You are currently viewing 11 years after being diagnosed with the same disease that killed Stephen Hawking, a woman can now speak with the help of a brain chip.

11 years after being diagnosed with the same disease that killed Stephen Hawking, a woman can now speak with the help of a brain chip.

A woman with the same disorder that killed Stephen Hawking can speak again thanks to tiny brain chips.

Before 2012, 68-year-old Pat Bennett used to ride horses, jog every day, and work in human resources.

Amyotrophic lateral sclerosis (ALS) is a nervous system disease that affects the motor neurons in the brain and spinal cord. These neurons drive voluntary muscle movement, like talking.

The same cancer killed Sandra Bullock’s boyfriend Bryan Randall and the well-known physicist Stephen Hawking in 2018.

But a clinical study at Stanford University has made people think differently about Bennett.

Four monitors about the size of a baby aspirin have been put into her brain.

Pat Bennett got the brain implants so she could start talking again. Stanford Medicine/Willett, Kunz, and others
She can now send her thoughts straight from her brain to a computer screen at a record-breaking rate of 62 words per minute.

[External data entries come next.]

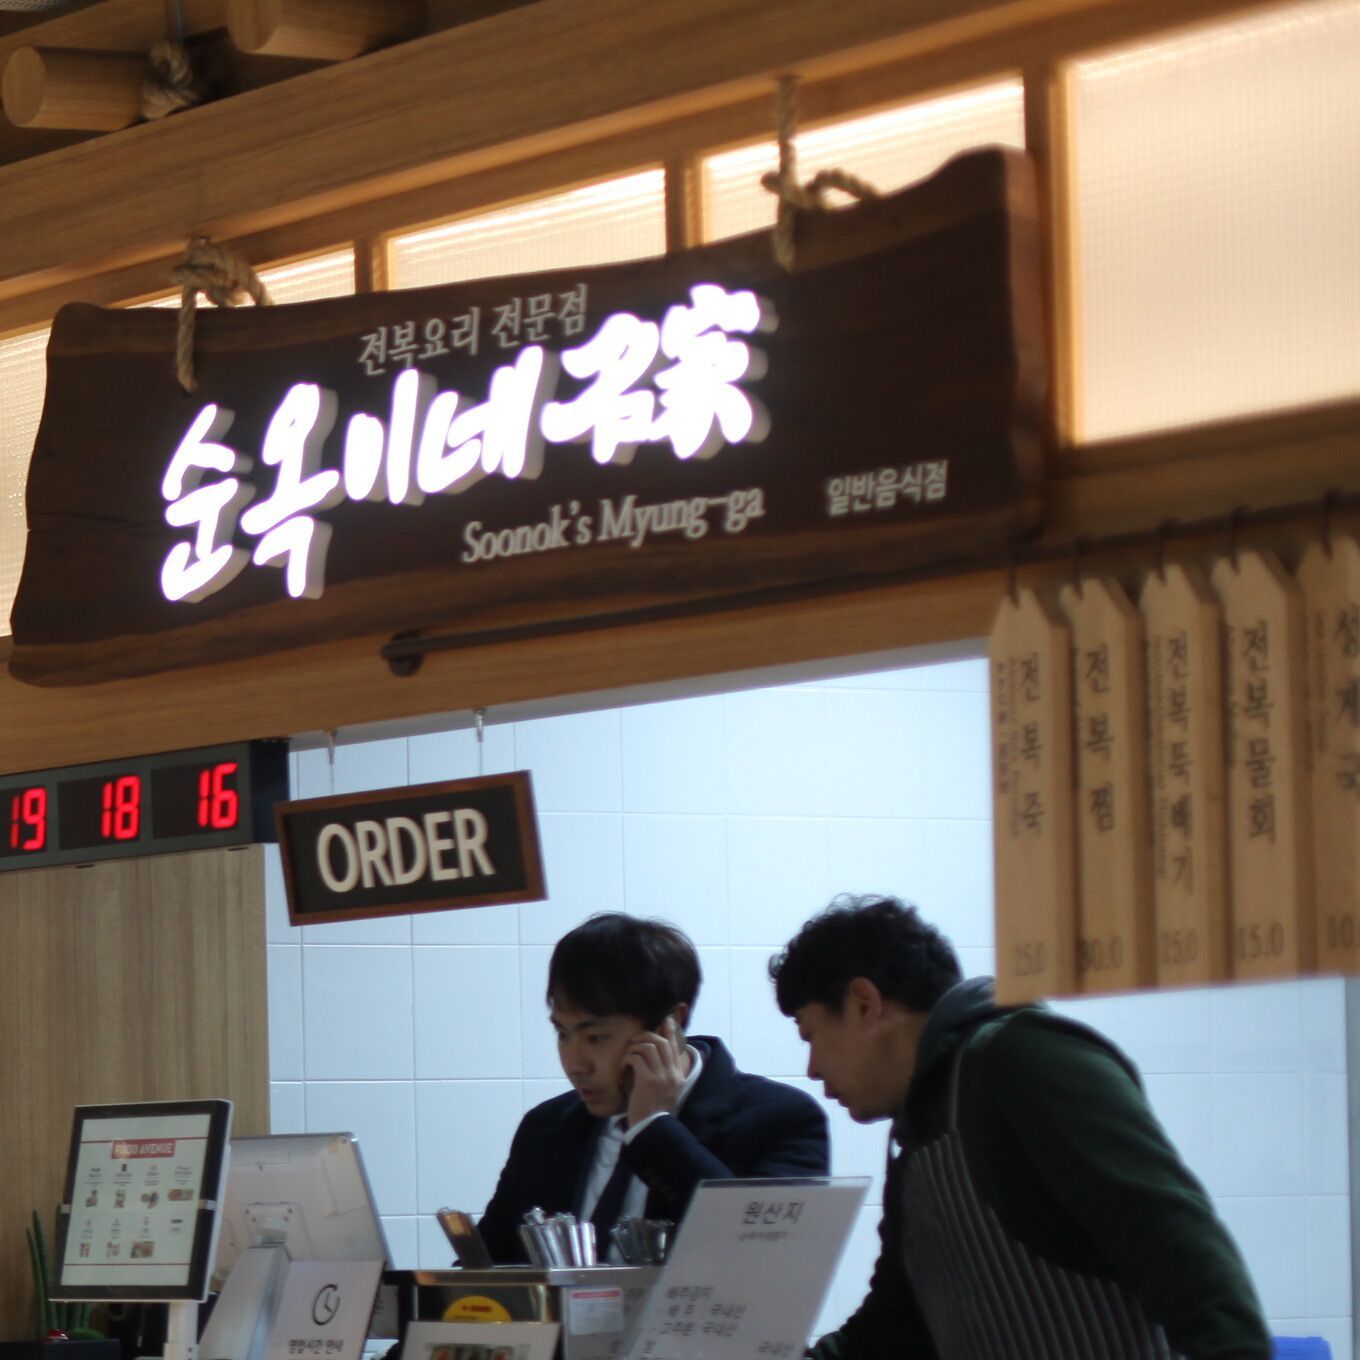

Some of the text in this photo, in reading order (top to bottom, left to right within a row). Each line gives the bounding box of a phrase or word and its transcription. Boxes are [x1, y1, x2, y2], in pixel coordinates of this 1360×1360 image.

[358, 282, 589, 377] 전복요리 전문점
[461, 486, 766, 563] Soonok's Myung-ga
[827, 459, 949, 517] 일반음식점
[1241, 619, 1277, 845] 전복물회
[11, 762, 238, 851] 19 18 16
[316, 808, 495, 898] ORDER
[743, 1201, 806, 1225] 원산지
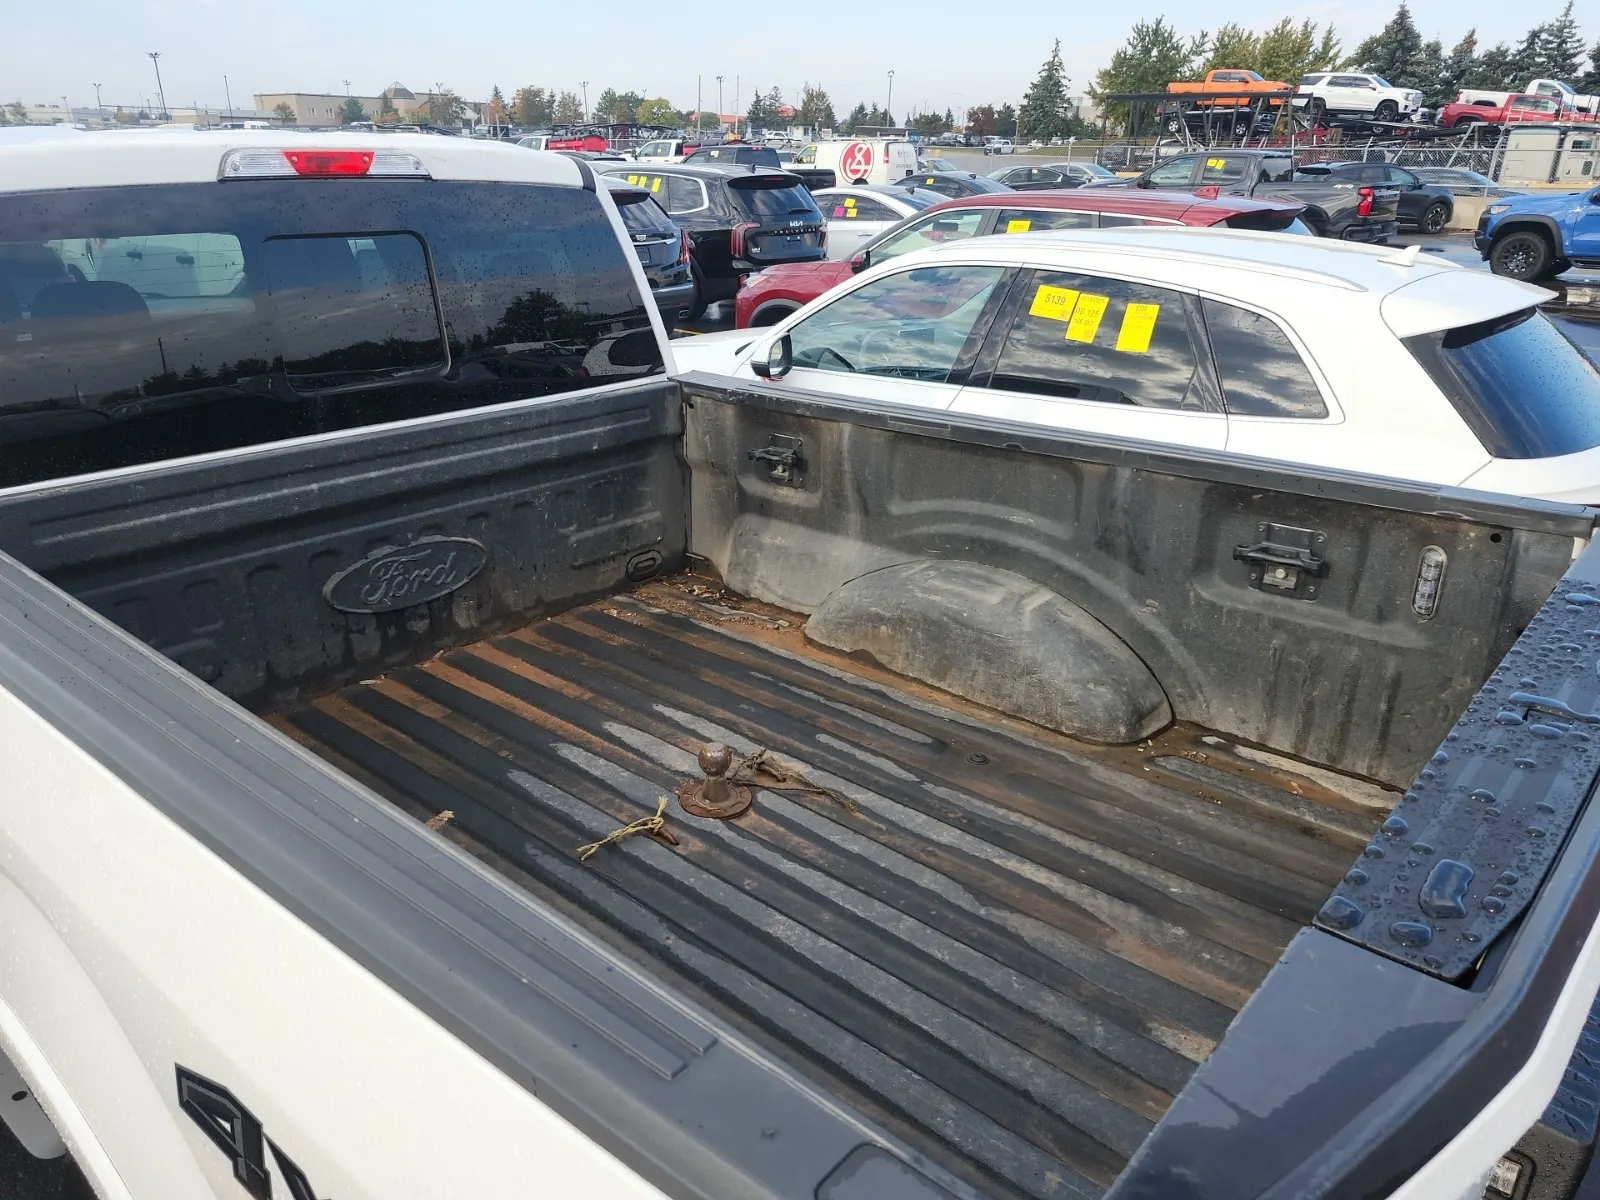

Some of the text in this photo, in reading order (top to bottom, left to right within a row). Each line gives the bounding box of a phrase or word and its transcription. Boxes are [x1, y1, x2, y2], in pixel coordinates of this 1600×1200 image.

[1044, 293, 1067, 306] 5139
[1087, 308, 1100, 318] 125
[361, 548, 457, 605] Ford

This new study was called a “big breakthrough” by Professor Philip Sabes of the University of California, who helped start Elon Musk’s Neuralink company.

He told MIT Technology Review in the past, “The performance in this study is already at a level that many people who can’t speak would want, if the device were ready. “People are going to want this.”

Bennett worked with an AI algorithm for a total of 26 meetings. Each one took about four hours.

She helped teach it to figure out which brain activity matches up with 39 key phonemes, or sounds, used in spoken English.

Bryan Randall, Sandra Bullock’s partner, recently died from the illness.

During each training lesson, Bennet would try to communicate well with anywhere from 260 to 480 random sentences.

They took these sentences from a collection of phone talks from the 1990s that were put together by a company that made calculators.

Some of the lines helped Bennett be able to talk back by saying things like, “It’s only been that way for the last five years.”

Even though the algorithm makes mistakes, it is three times faster than earlier models, and at 62 words per minute, it is getting closer to the natural rate of human conversation, which is about 160 words per minute.

According to the Daily Mail, Bennett wrote in an email, “These early results have proven the concept, and eventually technology will catch up to make it easy for people who can’t speak to use.”This means that people who don’t talk can stay in touch with the rest of the world.”

Bennett had a rarer kind of ALS. She says, “When you think of ALS, you think of arm and leg impact.”But for some people with ALS, it starts with trouble speaking. I can’t say anything.”